1. S(n) -> Rm(n), Rm+1(n), ... {m>=n}
a species can reproduce different species other than its own
2. Rm(n) -> S(m)
a new species is born by another species that has its reproductive mechanism
3. S(0) (assumption: first life formed spontaneously)
Rm(t) preceded S(m), thus a new species is only formed if there is another species that is capable to create a such mutate, and so on, ad infinitum.
Eventually, we reach chickens and chicken eggs, and the conclusion is simply, that another species must be able to produce a mutated egg (chicken egg) that became a chicken.
1. S(n) -> R(n)
2. R(n) -> S(n)
3. R(n) -> S(m), where m in [n, n+1, ..., k]
4. S(0) (first life formed spontaneously)
And this does not change any of the inferences I have already described, namely, the species came first, S(0), and all speciation happens during the reproductive process of the progenitor to produce any new species.
The first egg-laying species thus preceded eggs.
It is time to clarify the definition of reproductive mechanism. You used reproductive mechanism as a generalized form of chicken egg. Since we assumed chicken egg as an egg that will hatch a chicken, reproductive mechanism is the zygote of a species that would eventually mature into that species. Do you agree?
Keep in mind, if you do not agree. Even if you proof R came before S, you would not be able to conclude chicken egg came before chicken as R is not a generalized form of a chicken egg.
If you agree with the above definition, then it is easy to see there cannot be multiple species, S(t) from single R(t) as chicken egg can only hatch chicken, and zygote of an species can only mature into that species.

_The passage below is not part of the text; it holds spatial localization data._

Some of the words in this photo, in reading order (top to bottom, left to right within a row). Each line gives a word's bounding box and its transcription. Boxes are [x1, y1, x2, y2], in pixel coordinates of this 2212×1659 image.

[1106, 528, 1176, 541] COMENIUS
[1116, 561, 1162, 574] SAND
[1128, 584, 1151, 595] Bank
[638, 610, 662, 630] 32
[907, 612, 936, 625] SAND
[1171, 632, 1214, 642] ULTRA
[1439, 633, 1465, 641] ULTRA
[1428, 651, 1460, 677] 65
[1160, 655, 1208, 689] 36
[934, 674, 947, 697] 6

Therefore, your system with multiple S(t) is not a proper framework for our universe.
Keep in mind, if you do not agree. Even if you proof S came before R, you would not be able to conclude chicken came before chicken egg as R is not a generalized form of a chicken egg.

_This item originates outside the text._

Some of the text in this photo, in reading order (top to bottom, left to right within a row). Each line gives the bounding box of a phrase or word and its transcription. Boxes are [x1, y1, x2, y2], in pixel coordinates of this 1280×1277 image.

That's because a species has only a single reproductive mechanism, and this mechanism must be able to produce different species. This is indisputable biological fact. A human female won't spontaneously be able to lay an egg, she will produce offspring only via fertilization, pregnancy and childbirth. In what way does a human female have multiple natural reproductive mechanisms?

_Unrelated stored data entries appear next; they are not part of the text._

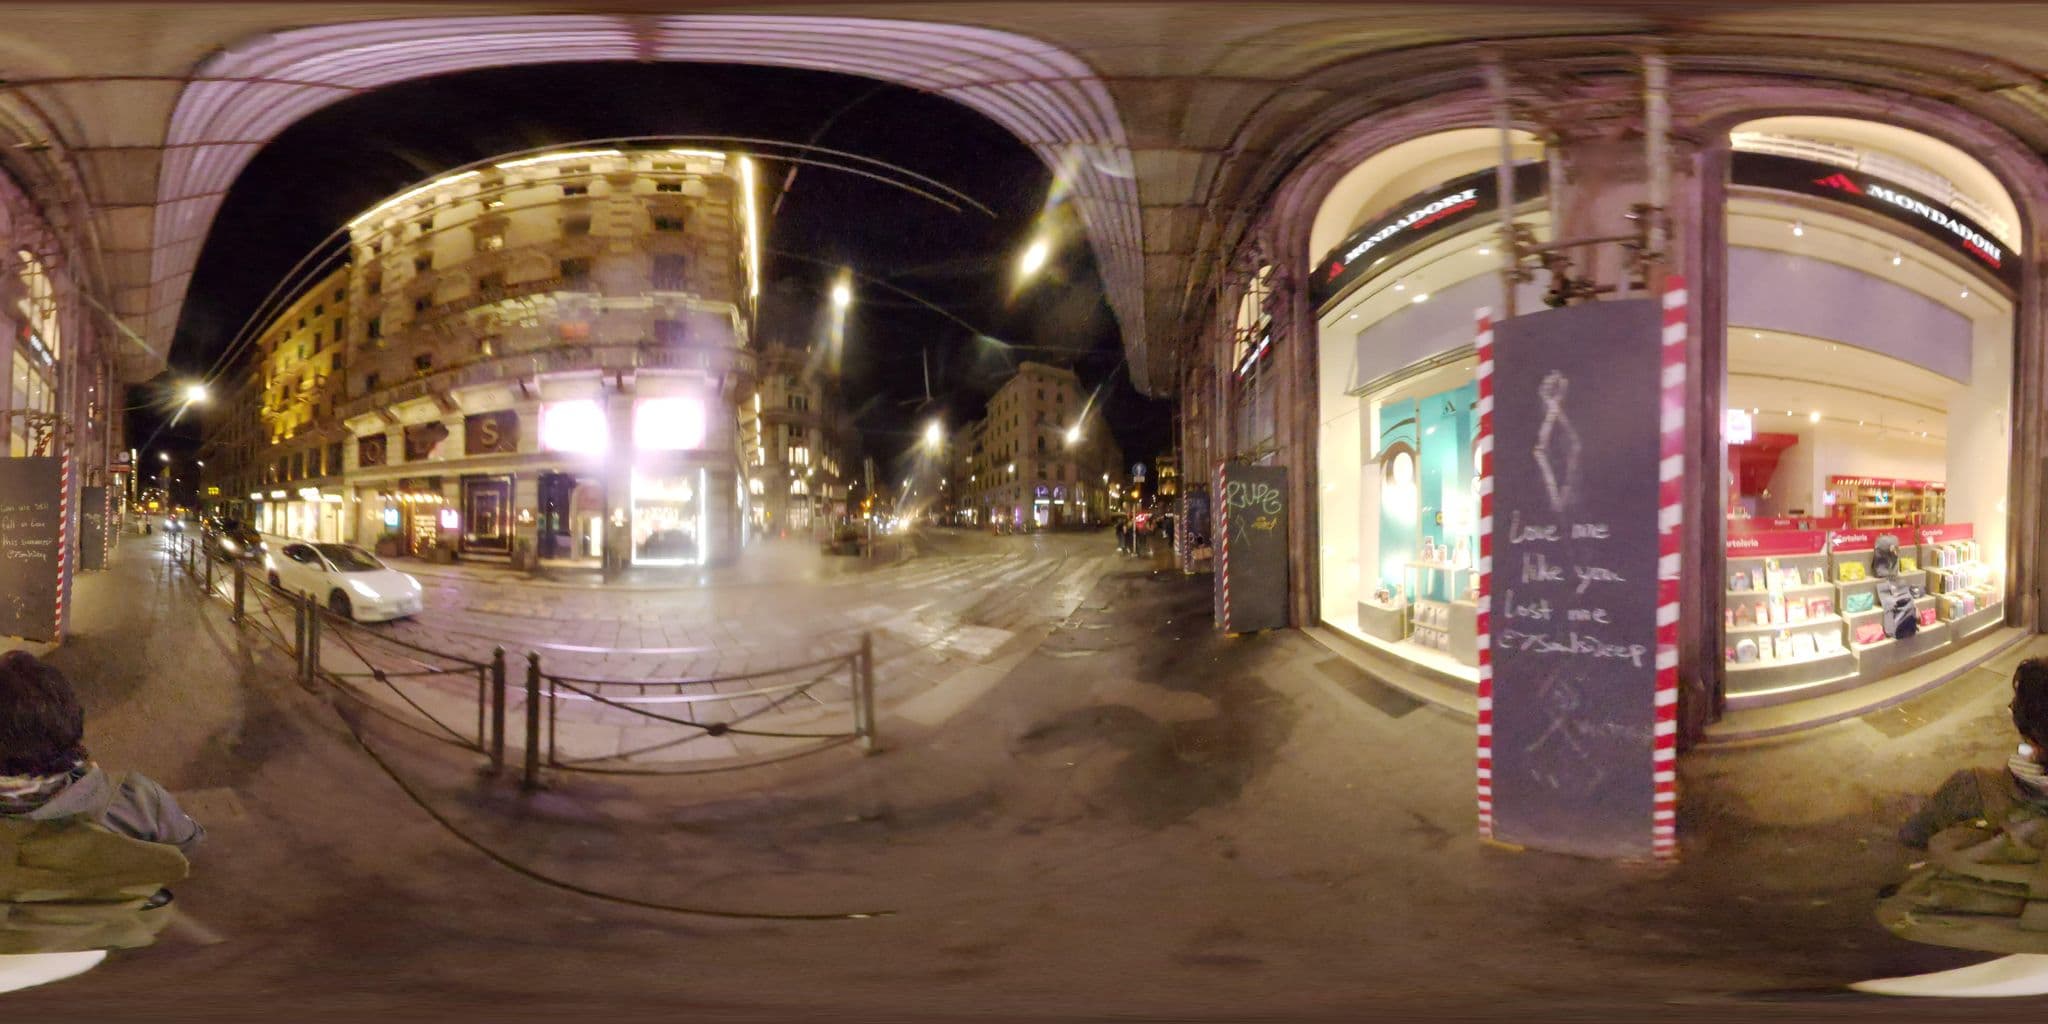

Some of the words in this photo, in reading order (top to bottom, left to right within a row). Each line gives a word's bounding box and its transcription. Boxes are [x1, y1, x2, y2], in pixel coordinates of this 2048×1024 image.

[1344, 188, 1478, 265] MONDADORI
[1866, 184, 2001, 260] MONDADORI
[1571, 523, 1610, 540] me
[1574, 564, 1626, 594] you
[1567, 608, 1610, 624] me

Since we assumed chicken egg as an egg that will hatch a chicken
No, the definition of "egg" is a conclusion, not an assumption of my argument.
reproductive mechanism is the zygote of a species that would eventually mature into that species. Do you agree?
Even if I did agree, and we drop down to reasoning about cellular mechanics, the species is formed before the egg, as the species is fully defined at fertilization-time when it becomes a zygote. This precedes the formation of the egg shell, so again, the chicken comes before the egg.
Do not confuse the use of "fertilized egg" as a synonym for zygote to mean "egg" as used in this argument. A zygote in no way corresponds to an egg in the sense used in here. The macroscopic egg is formed by the mother of the species, not the zygote itself.
The only way to attack my argument, is to argue that R does not precisely equate to a macroscopic egg. Let's break this down more precisely:
G(n): single-cell of species n formed
H(n): organism of species n born
I(n): organism of species n reproduces
1. G(n) -> H(n)
2. H(n) -> I(n)
3. I(n) -> G(m), where m in [n, n+1, ..., k]
4. G(0), spontaneous cell formation
This more precisely captures what's occurring at the cellular level, and we now have the recursive relation:
...G->H->I->G...
Rule H(n) describes precisely laying and hatching from an egg, where species n lays eggs.
Now let's define:
S(n): G(n)
R(n): H(n)->I(n)
Thus we have exactly my original argument, abstracting over the details of birth and reproduction.
The conclusion remains the same: the chicken came first.
You seem to be equating R(n) with G(n), which doesn't make sense IMO. None of the other rules match properly with the concept of a "species", so S(n)=G(n).